Qual seria o compromisso da Igreja Evangélica de Confissão Luterana no Brasil com a cultura de paz? Evidenciamos esse compromisso na própria Constituição da IECLB, no seu Artigo 3º, inciso III:

Em obediência ao mandamento do Senhor, a IECLB tem por fim e missão:
III- promover a paz, a justiça e o amor na sociedade.

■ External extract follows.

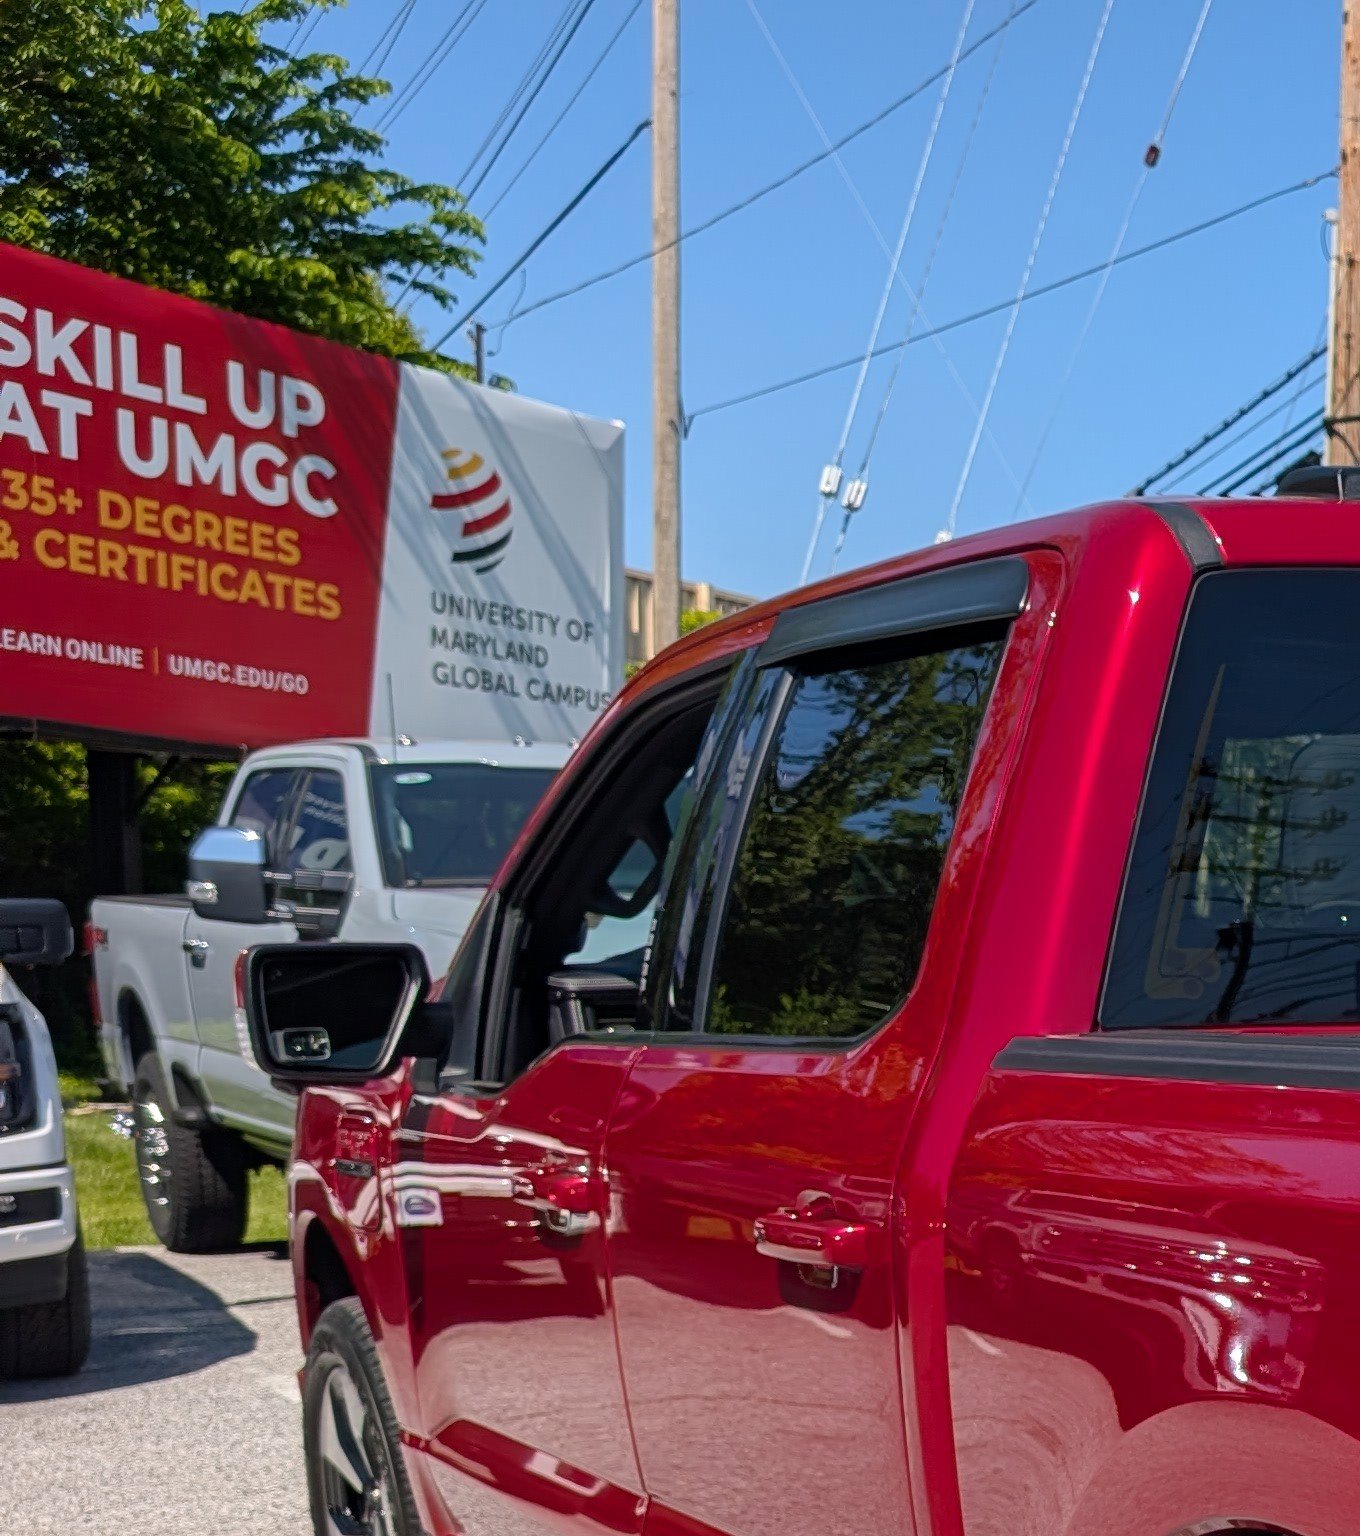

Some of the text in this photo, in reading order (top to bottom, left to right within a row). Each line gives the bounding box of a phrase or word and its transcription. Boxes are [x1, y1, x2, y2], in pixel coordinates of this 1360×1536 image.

Os sinais da ação do Espírito Santo e da promoção da cultura de paz na IECLB são encontrados principalmente na área da diaconia em parceria com os movimentos sociais, bem como em grupos comunitários que se articulam pela causa da educação para a paz e não violência. Da mesma forma, instituições que promovem a agroecologia se inserem na busca pela paz. A Rede de Diaconia, uma articulação de instituições diaconais vinculadas confessionalmente à IECLB, carrega também o compromisso com a paz.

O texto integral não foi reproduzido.